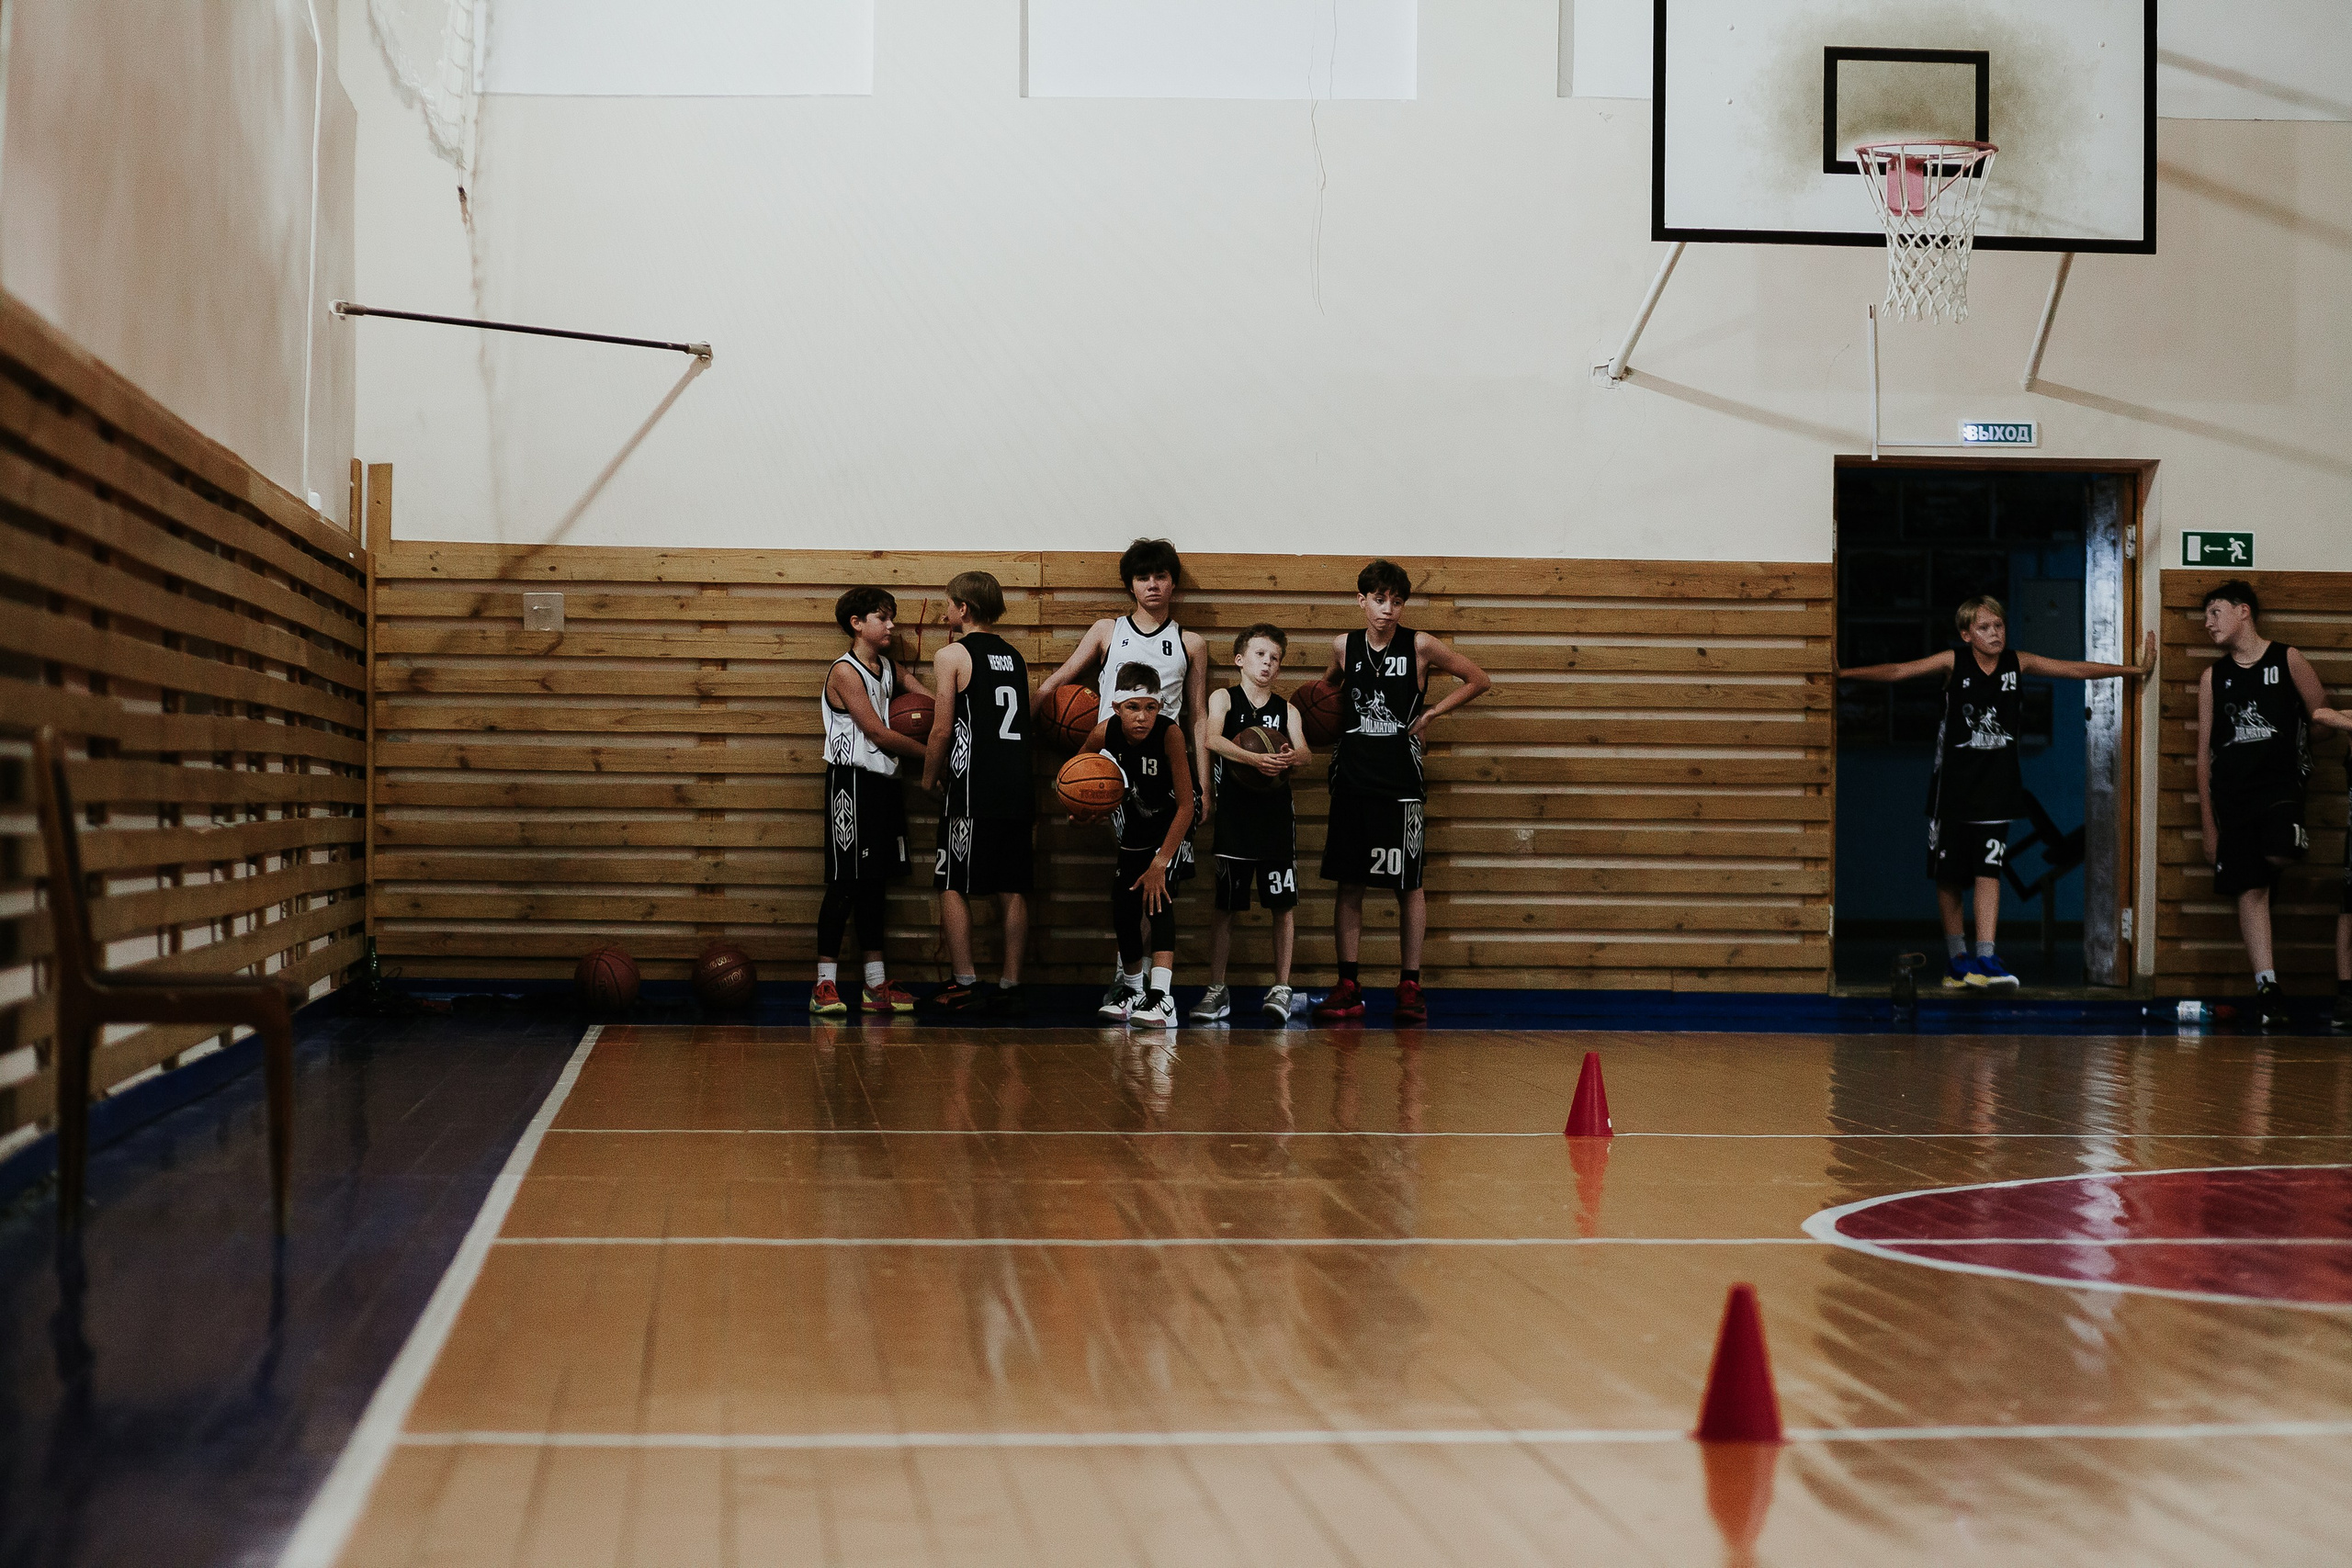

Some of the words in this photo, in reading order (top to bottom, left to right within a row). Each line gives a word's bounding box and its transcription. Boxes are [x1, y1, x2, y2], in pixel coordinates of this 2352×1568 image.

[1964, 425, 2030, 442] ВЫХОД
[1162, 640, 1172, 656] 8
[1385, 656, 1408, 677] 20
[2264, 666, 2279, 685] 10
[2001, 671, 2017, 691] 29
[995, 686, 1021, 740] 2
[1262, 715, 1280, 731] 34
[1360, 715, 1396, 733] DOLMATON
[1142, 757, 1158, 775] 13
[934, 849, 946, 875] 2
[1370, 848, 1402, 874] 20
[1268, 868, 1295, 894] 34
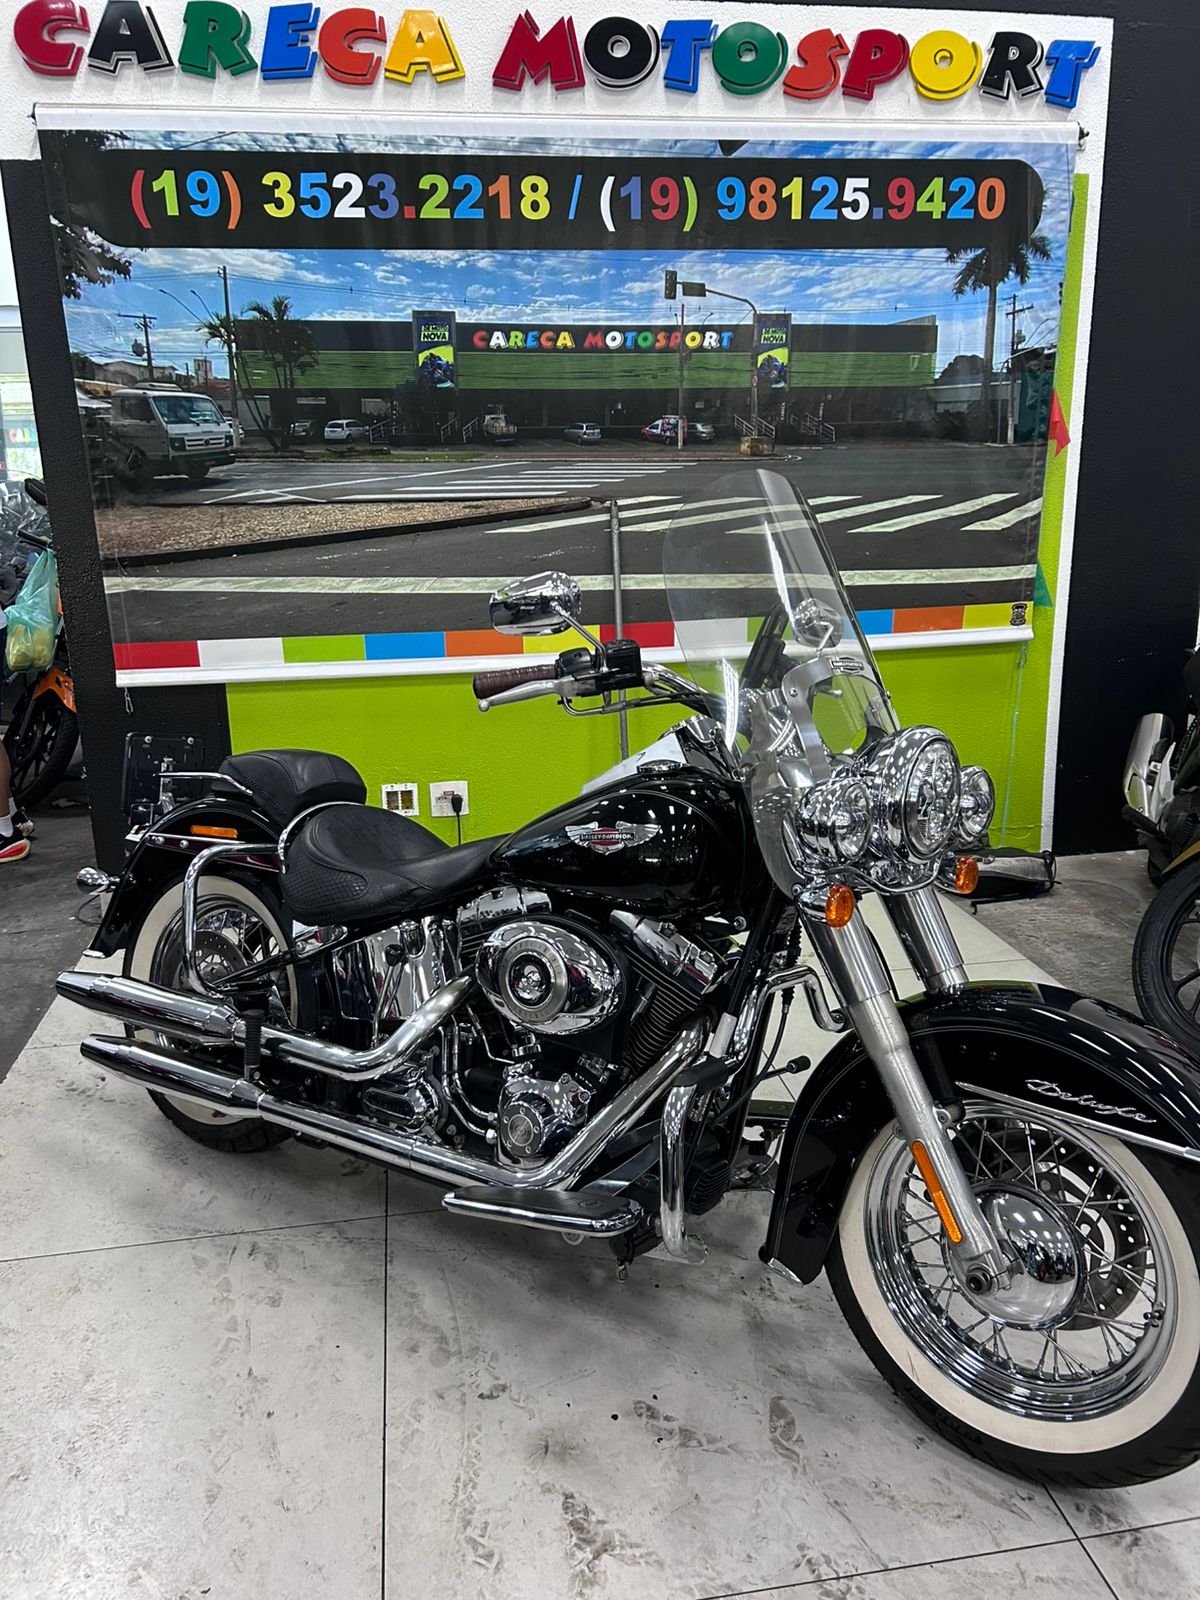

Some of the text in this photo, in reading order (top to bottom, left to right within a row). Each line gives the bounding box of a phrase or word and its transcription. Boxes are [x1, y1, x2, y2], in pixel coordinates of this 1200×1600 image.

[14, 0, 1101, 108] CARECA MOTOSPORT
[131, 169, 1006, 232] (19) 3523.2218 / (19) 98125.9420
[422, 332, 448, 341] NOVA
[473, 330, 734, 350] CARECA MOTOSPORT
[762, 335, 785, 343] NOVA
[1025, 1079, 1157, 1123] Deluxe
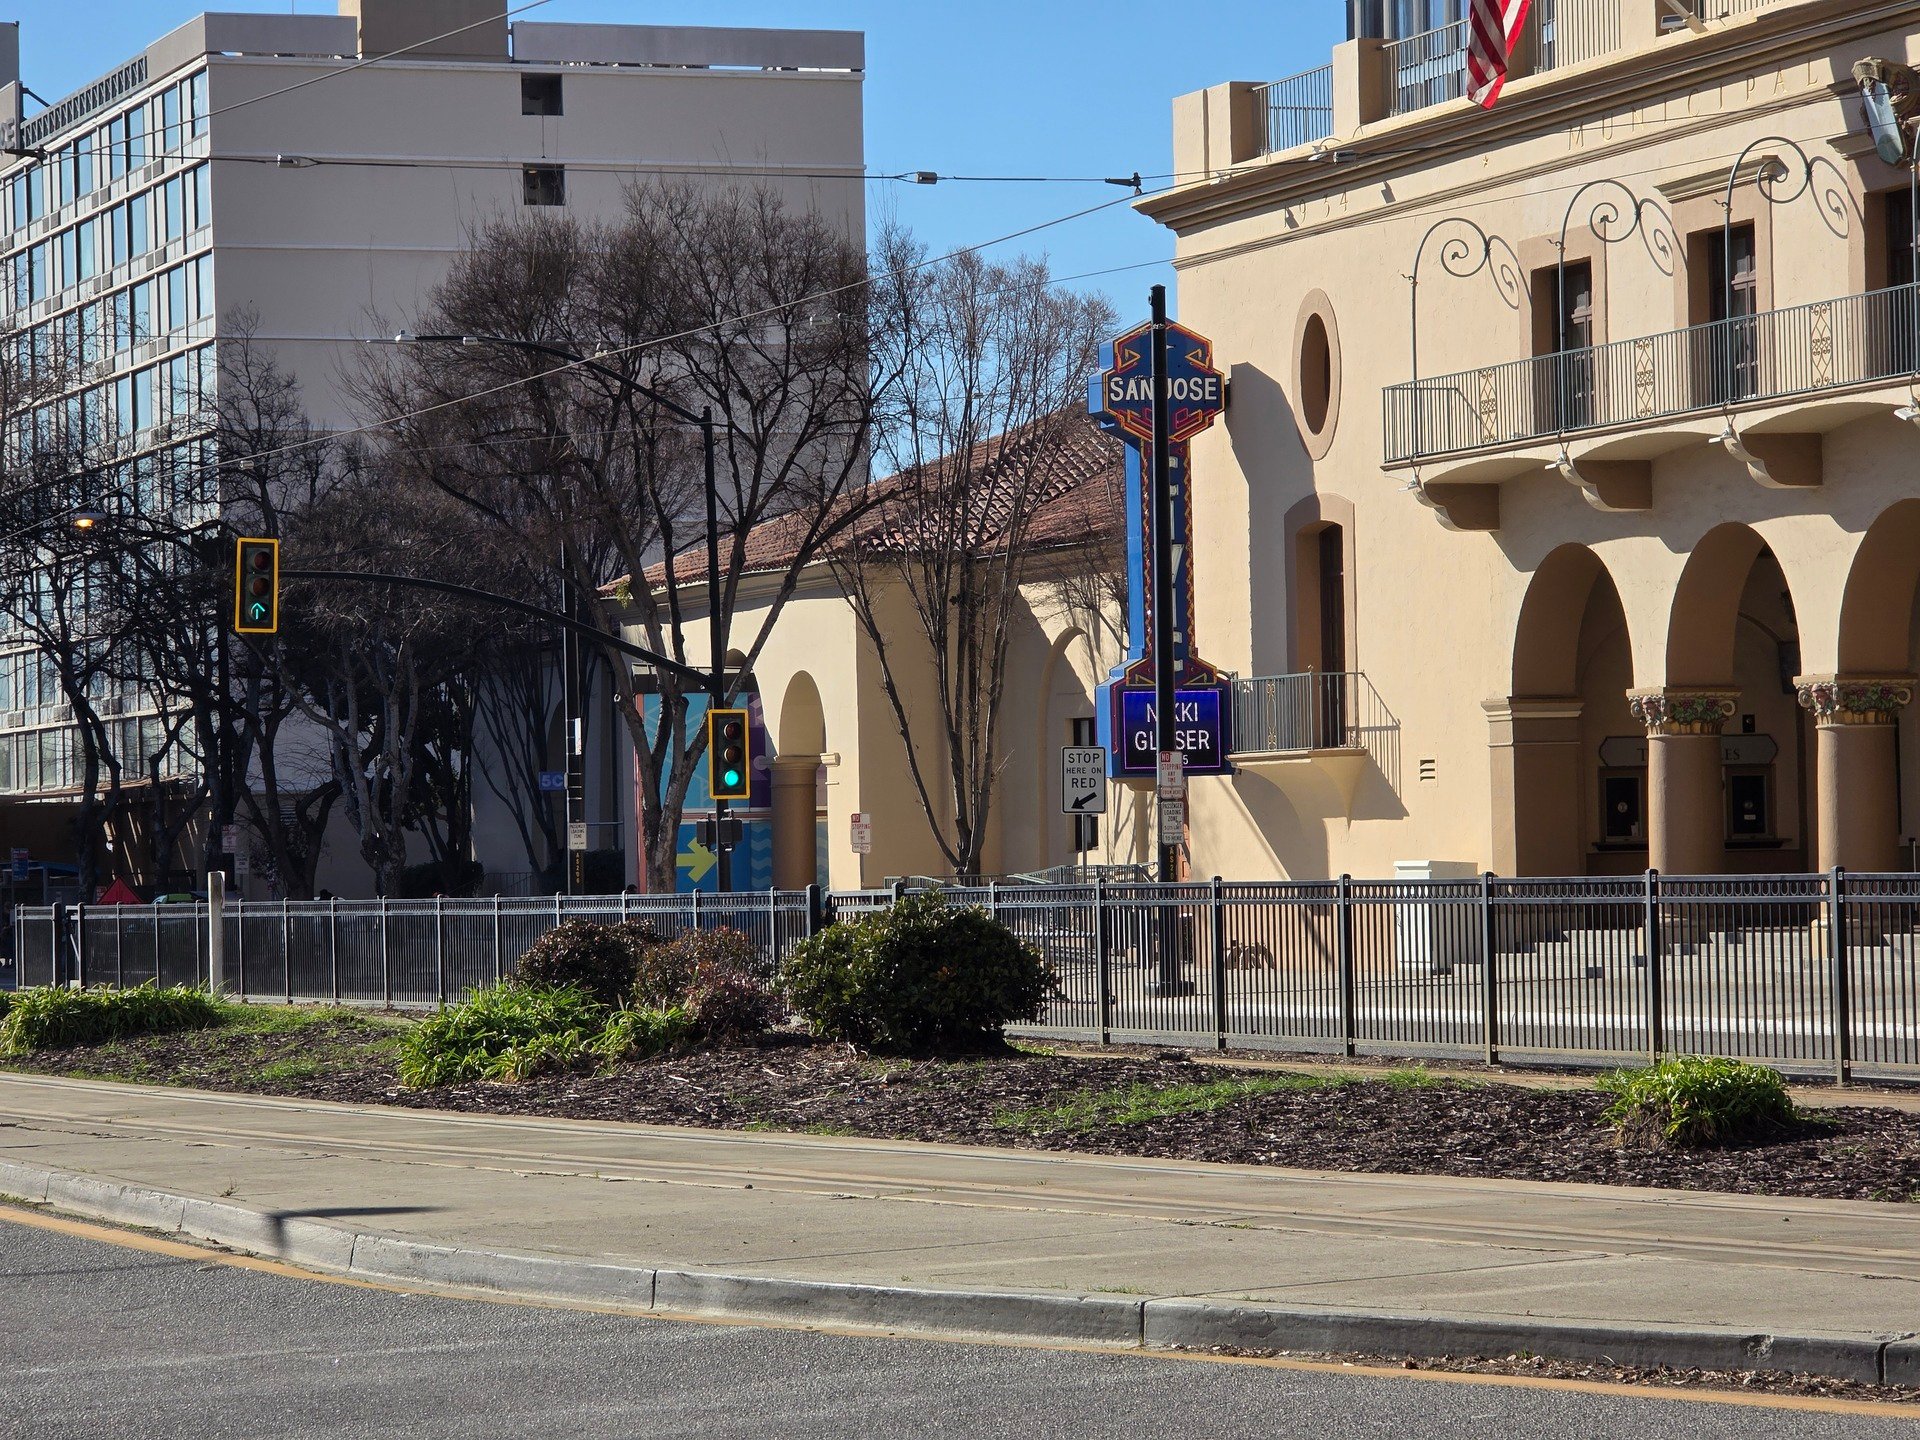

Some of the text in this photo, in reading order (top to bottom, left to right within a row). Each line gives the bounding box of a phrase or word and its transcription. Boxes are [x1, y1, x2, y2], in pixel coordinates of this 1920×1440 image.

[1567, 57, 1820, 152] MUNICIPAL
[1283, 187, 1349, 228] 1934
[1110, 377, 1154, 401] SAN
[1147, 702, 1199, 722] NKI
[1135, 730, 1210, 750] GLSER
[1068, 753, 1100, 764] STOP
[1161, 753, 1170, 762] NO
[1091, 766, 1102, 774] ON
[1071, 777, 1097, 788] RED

◆ **Try it**
Nothing but the records above, retyped exactly and stripped of images, should appear in the answer.

◆ **Answer to this exercise**
Some of the words in this photo, in reading order (top to bottom, left to right within a row). Each line gives a word's bounding box and its transcription. Boxes are [x1, y1, x2, y2], in pixel coordinates of this 2352×1568 image.

[1964, 425, 2030, 442] ВЫХОД
[1162, 640, 1172, 656] 8
[1385, 656, 1408, 677] 20
[2264, 666, 2279, 685] 10
[2001, 671, 2017, 691] 29
[995, 686, 1021, 740] 2
[1262, 715, 1280, 731] 34
[1360, 715, 1396, 733] DOLMATON
[1142, 757, 1158, 775] 13
[934, 849, 946, 875] 2
[1370, 848, 1402, 874] 20
[1268, 868, 1295, 894] 34

Some of the text in this photo, in reading order (top to bottom, left to right within a row). Each line gives the bounding box of a phrase or word and its transcription. Boxes are [x1, y1, x2, y2], in pixel coordinates of this 1200×1600 image.

[14, 0, 1101, 108] CARECA MOTOSPORT
[131, 169, 1006, 232] (19) 3523.2218 / (19) 98125.9420
[422, 332, 448, 341] NOVA
[473, 330, 734, 350] CARECA MOTOSPORT
[762, 335, 785, 343] NOVA
[1025, 1079, 1157, 1123] Deluxe

Some of the text in this photo, in reading order (top to bottom, left to right within a row). Each line gives the bounding box of a phrase or word and its transcription. Boxes are [x1, y1, x2, y2], in pixel coordinates of this 1920×1440 image.

[1567, 57, 1820, 152] MUNICIPAL
[1283, 187, 1349, 228] 1934
[1110, 377, 1154, 401] SAN
[1147, 702, 1199, 722] NKI
[1135, 730, 1210, 750] GLSER
[1068, 753, 1100, 764] STOP
[1161, 753, 1170, 762] NO
[1091, 766, 1102, 774] ON
[1071, 777, 1097, 788] RED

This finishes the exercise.